Anthropogenic perturbation of coral reef environments near Natal, Brazil: Clues from symbiont-bearing benthic foraminifera

Tuesday, 16 December 2014
Patricia Eichler1, Helenice Vital1 and Barun K. Sen Gupta2, (1)UFRN Federal University of Rio Grande do Norte, Natal, Brazil, (2)Louisiana State University, Baton Rouge, LA, United States
Besides global stressors such as temperature rise and acidification, local anthropogenic disturbances, especially those connected with tourism, affect many Atlantic patch reefs off the Brazilian shore.
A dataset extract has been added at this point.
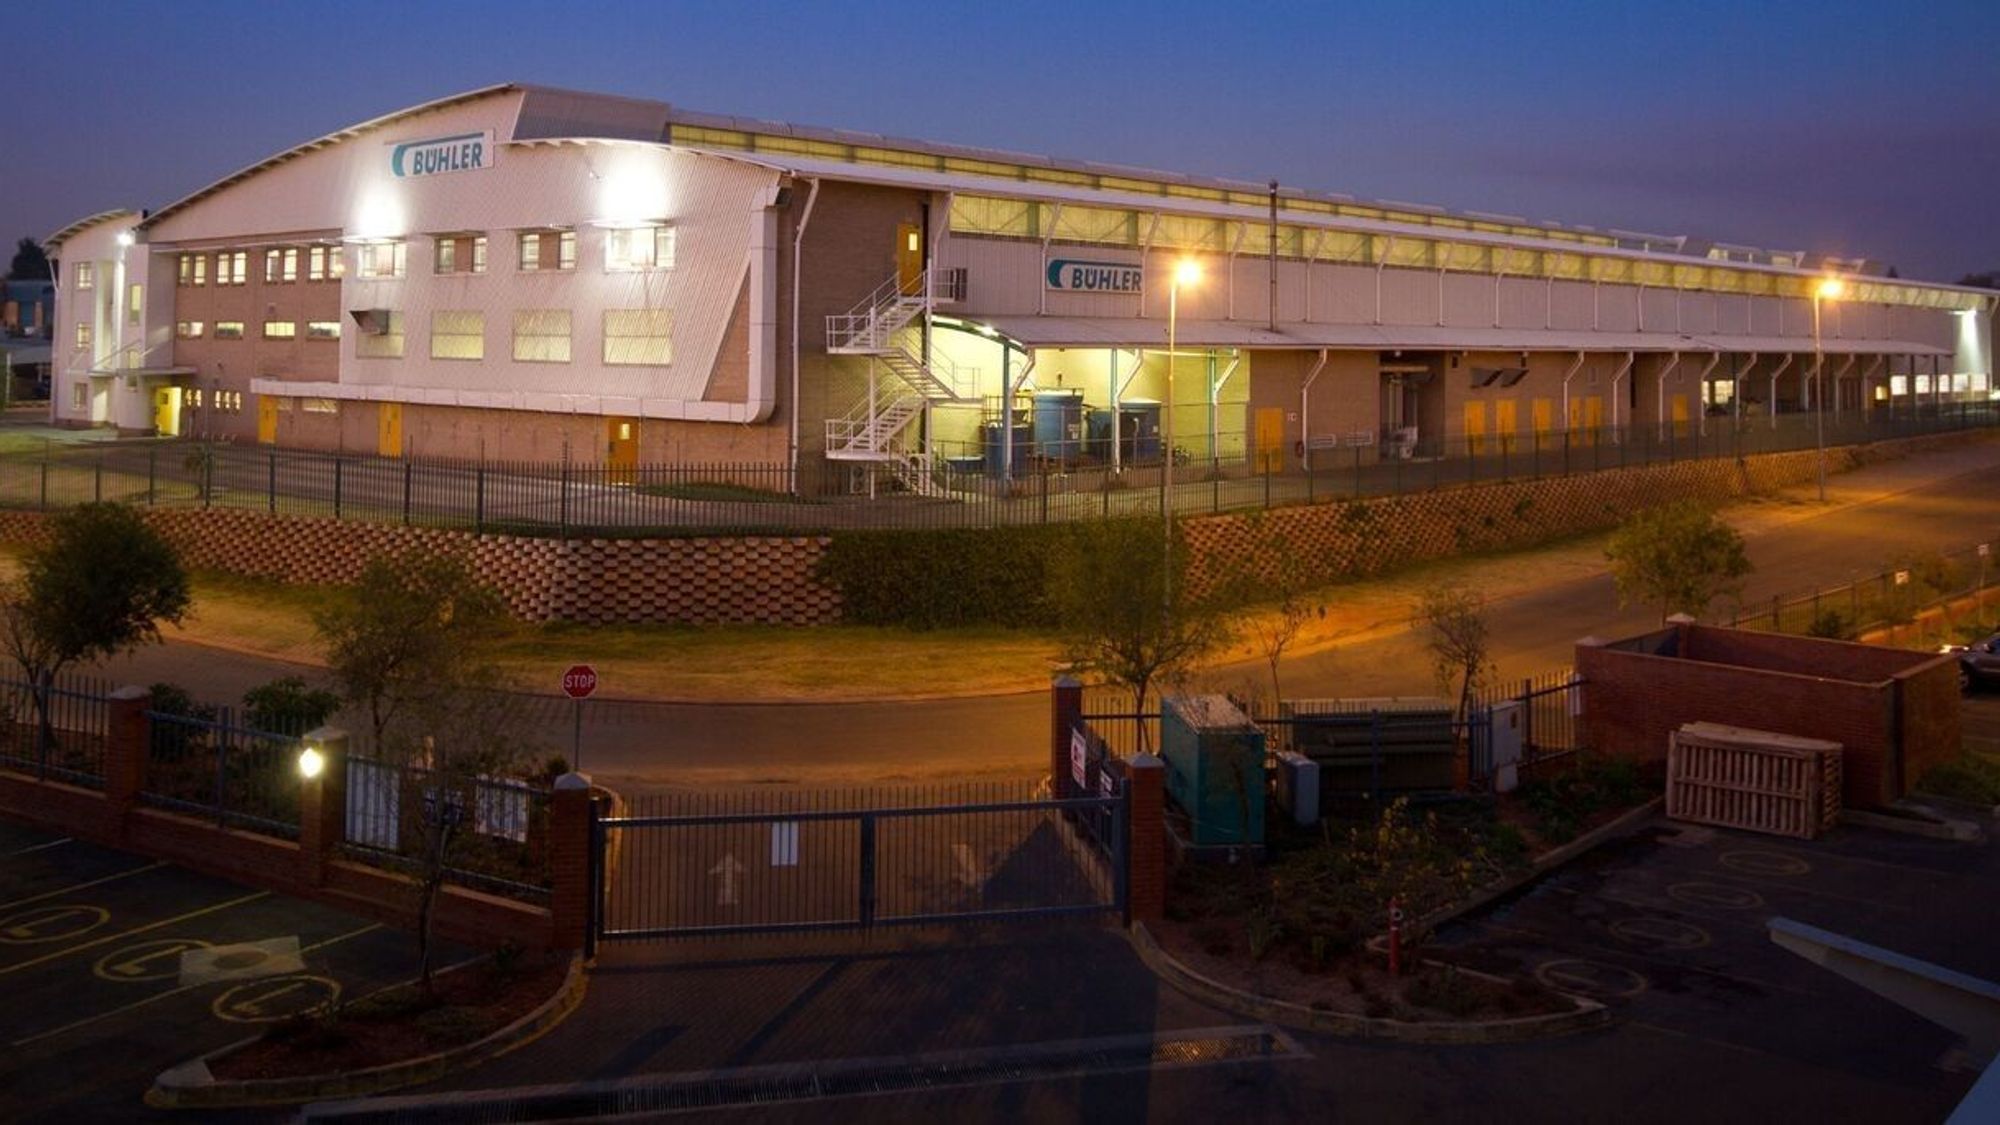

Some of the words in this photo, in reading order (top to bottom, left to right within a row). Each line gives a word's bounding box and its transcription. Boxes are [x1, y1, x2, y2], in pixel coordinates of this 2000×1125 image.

[413, 142, 482, 175] BÜHLER
[1072, 267, 1142, 291] BÜHLER
[564, 674, 594, 688] STOP
Using reef-inhabiting foraminifera with algal symbionts as environmental indicators, we confirmed this problem in coastal reefs near Natal, Rio Grande do Norte. The foraminiferal community is particularly depauperate in the small reefs of Pirangi, about 25 km south of Natal (~6o S, water depth <5-m), showing the result of numerous tourists trampling or otherwise damaging the reef substrate. Shells of Amphistegina gibbosa, the characteristic reef foraminifer of tropical America, have an exceptionally patchy distribution here, with rare living individuals. A few other symbiont bearers, e.g. Archaias angulatus, Amphisorus hemprichii, and Heterostegina antillarum, are present, but in extremely small numbers. In general, the dominant species is Quinqueloculina lamarckiana, a eurytopic, small miliolid (without symbionts), but many specimens are brown or black, indicating a mixing of relict and living populations. Compared to known foraminiferal communities in other Brazilian reefs, species diversity at Pirangi is remarkably low. About 77 km north of Pirangi, in the more extensive patch reef system of Maracajaú, the foraminiferal community is apparently healthier, except in an area targeted for tourism. However, living Amphistegina is still rare, and the only living Amphisorus is found in seagrass habitats. In contrast, many symbiont-bearing taxa, including peneroplids (virtually absent in Pirangi and Maracajaú) exist in sizeable populations northwest of Maracajaú, in the small patch reefs of the drowned Açu river valley (~4o 50’ S).